### Stored data entries:
-----
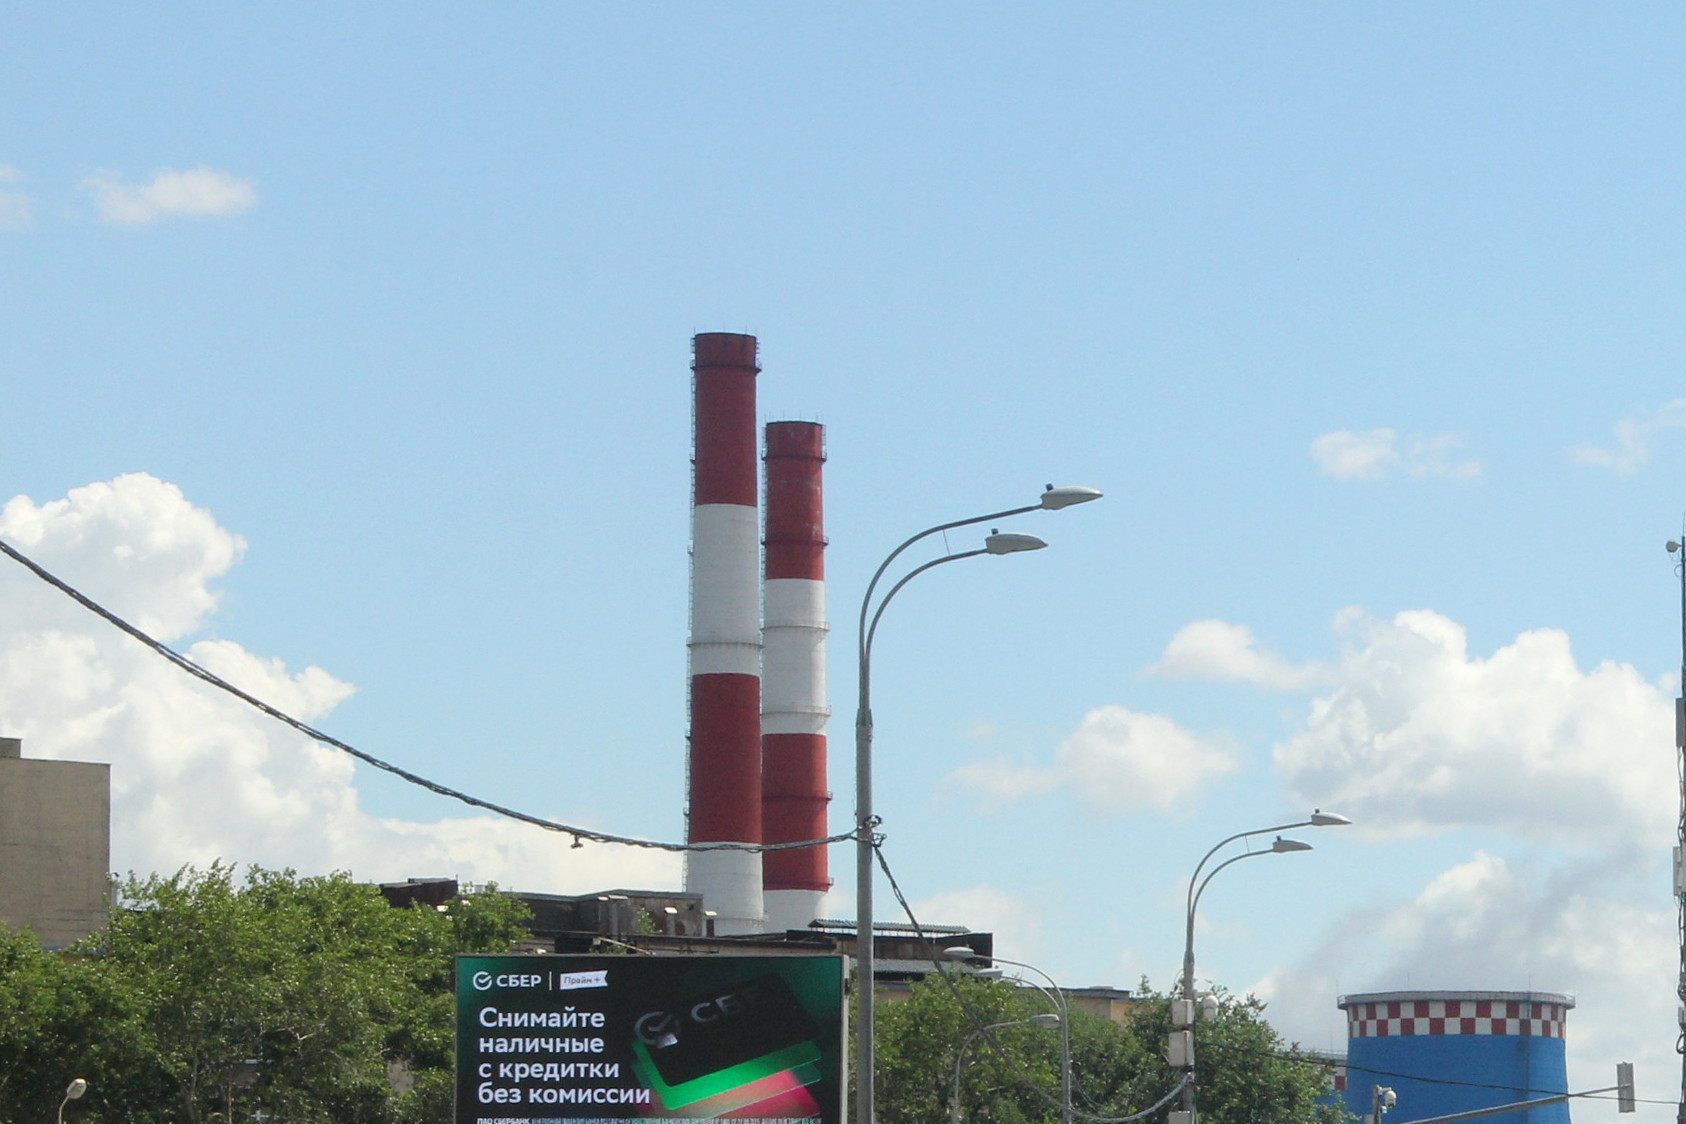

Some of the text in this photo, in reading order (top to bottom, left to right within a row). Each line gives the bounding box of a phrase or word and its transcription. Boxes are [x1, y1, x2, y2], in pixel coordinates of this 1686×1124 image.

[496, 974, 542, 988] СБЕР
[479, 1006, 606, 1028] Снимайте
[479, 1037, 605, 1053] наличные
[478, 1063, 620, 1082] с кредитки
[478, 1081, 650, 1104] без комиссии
-----
### Activity:
Apart from the pictures, repeat the data above exactly.

### Answer area:
Some of the text in this photo, in reading order (top to bottom, left to right within a row). Each line gives the bounding box of a phrase or word and its transcription. Boxes are [x1, y1, x2, y2], in pixel coordinates of this 1686×1124 image.

[496, 974, 542, 988] СБЕР
[479, 1006, 606, 1028] Снимайте
[479, 1037, 605, 1053] наличные
[478, 1063, 620, 1082] с кредитки
[478, 1081, 650, 1104] без комиссии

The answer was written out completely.